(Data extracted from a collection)
-*-*-

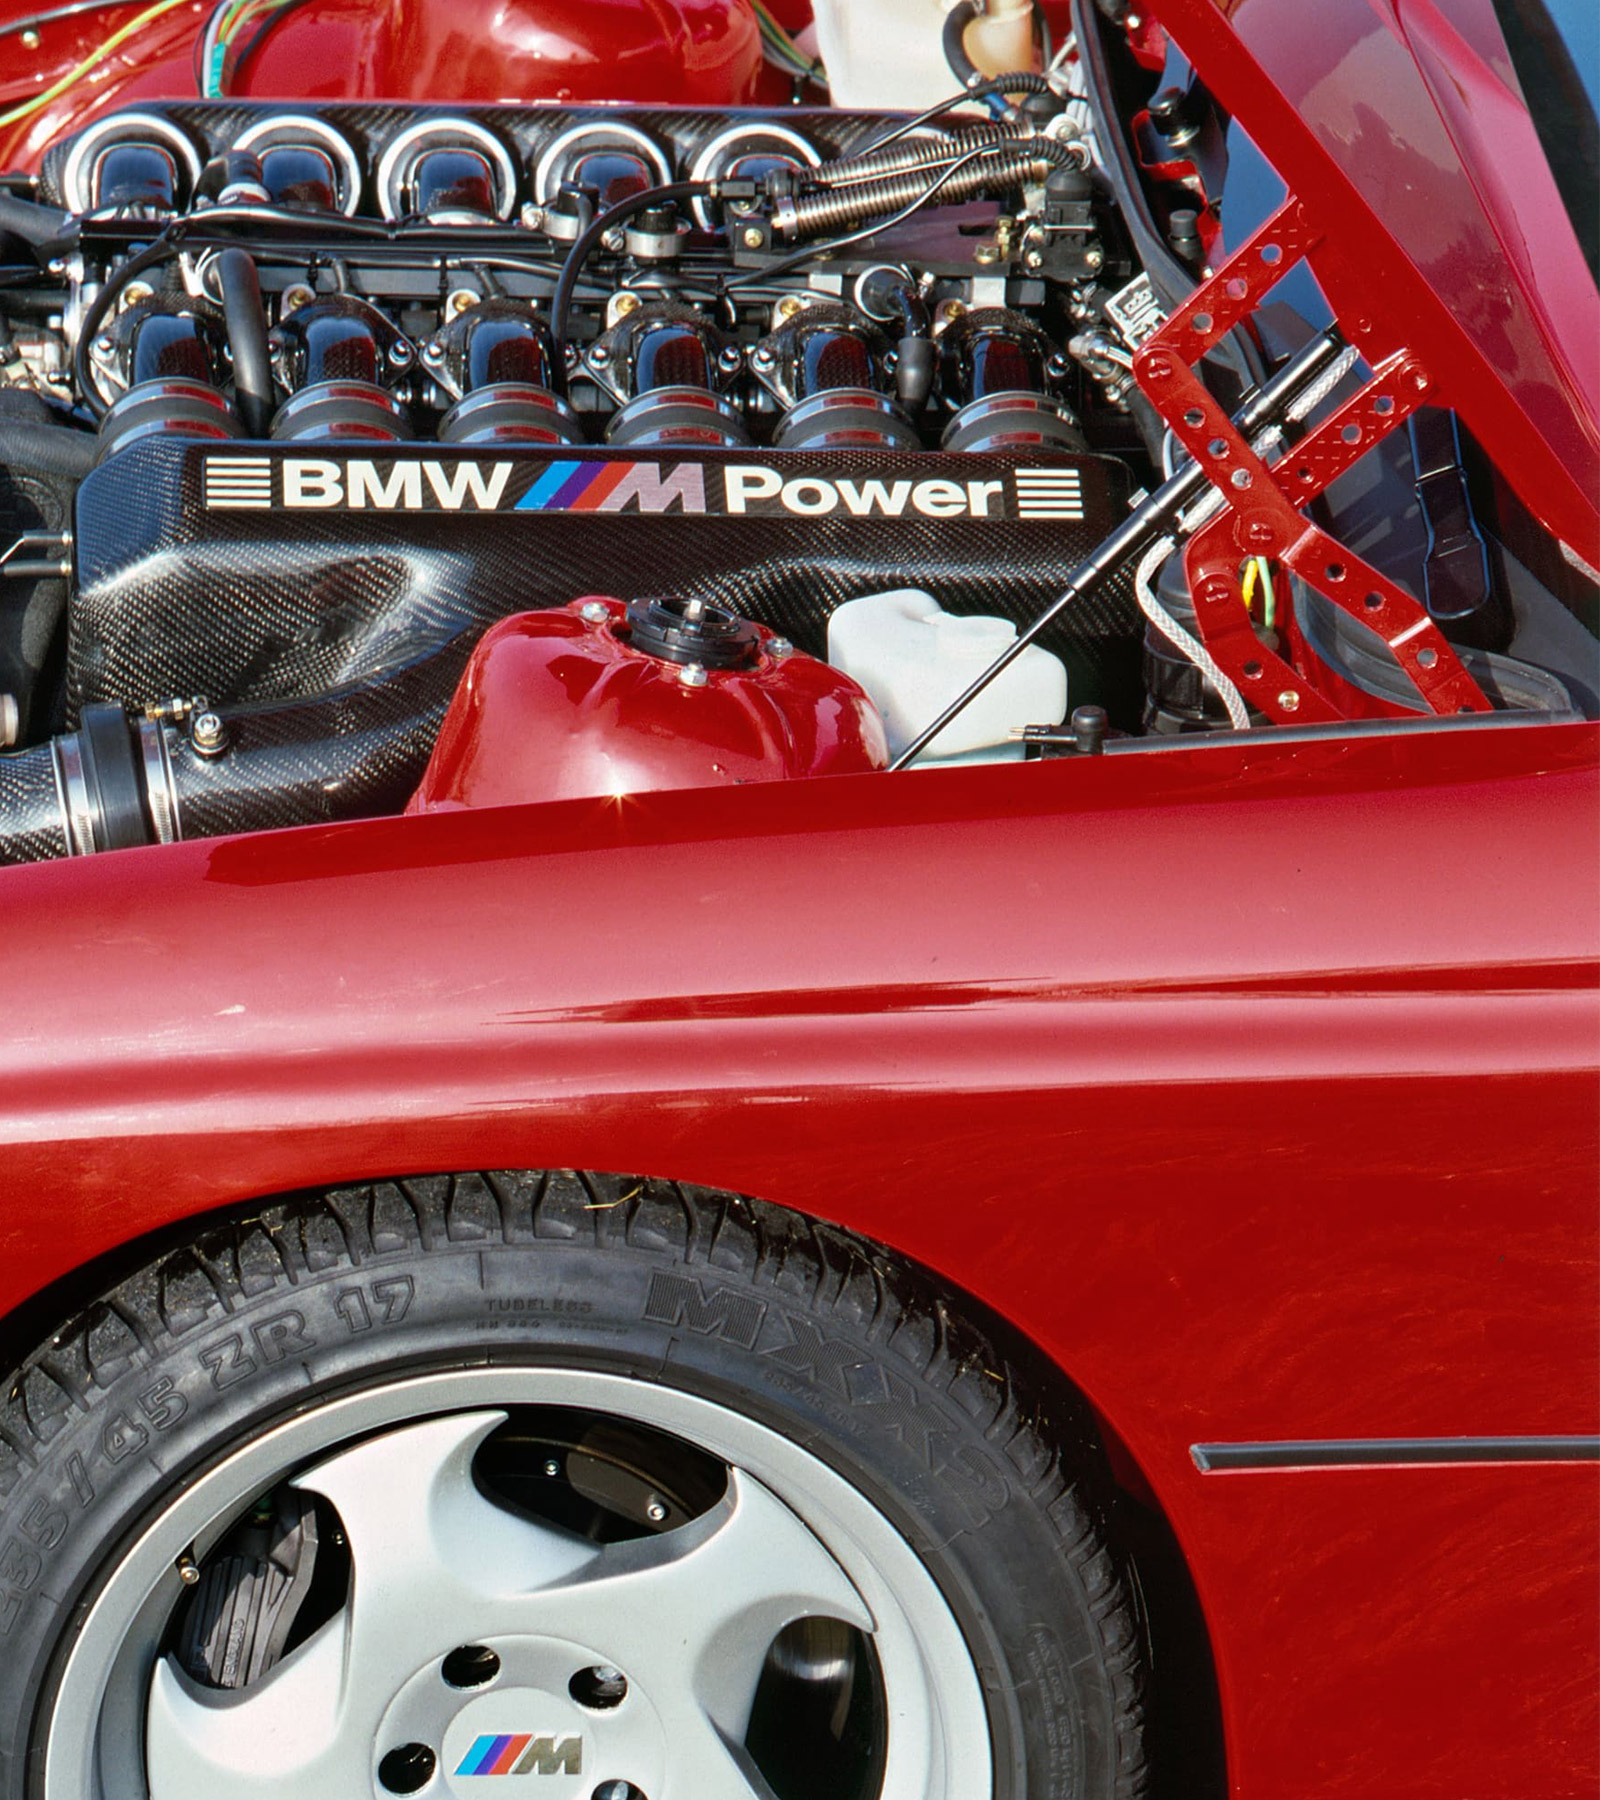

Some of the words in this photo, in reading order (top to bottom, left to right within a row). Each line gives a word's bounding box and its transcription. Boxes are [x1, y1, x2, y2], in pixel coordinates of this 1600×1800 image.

[281, 459, 514, 511] BMW
[600, 461, 706, 513] M
[724, 465, 1003, 518] Power
[487, 1298, 594, 1314] TUBELESS
[198, 1309, 317, 1393] ZR
[334, 1273, 416, 1334] 17
[511, 1737, 583, 1775] M

-*-*-

Action item: Keep the pictures out and transcribe the entries exactly.

Response below:
Some of the words in this photo, in reading order (top to bottom, left to right within a row). Each line gives a word's bounding box and its transcription. Boxes are [x1, y1, x2, y2], in pixel coordinates of this 1600×1800 image.

[281, 459, 514, 511] BMW
[600, 461, 706, 513] M
[724, 465, 1003, 518] Power
[487, 1298, 594, 1314] TUBELESS
[198, 1309, 317, 1393] ZR
[334, 1273, 416, 1334] 17
[511, 1737, 583, 1775] M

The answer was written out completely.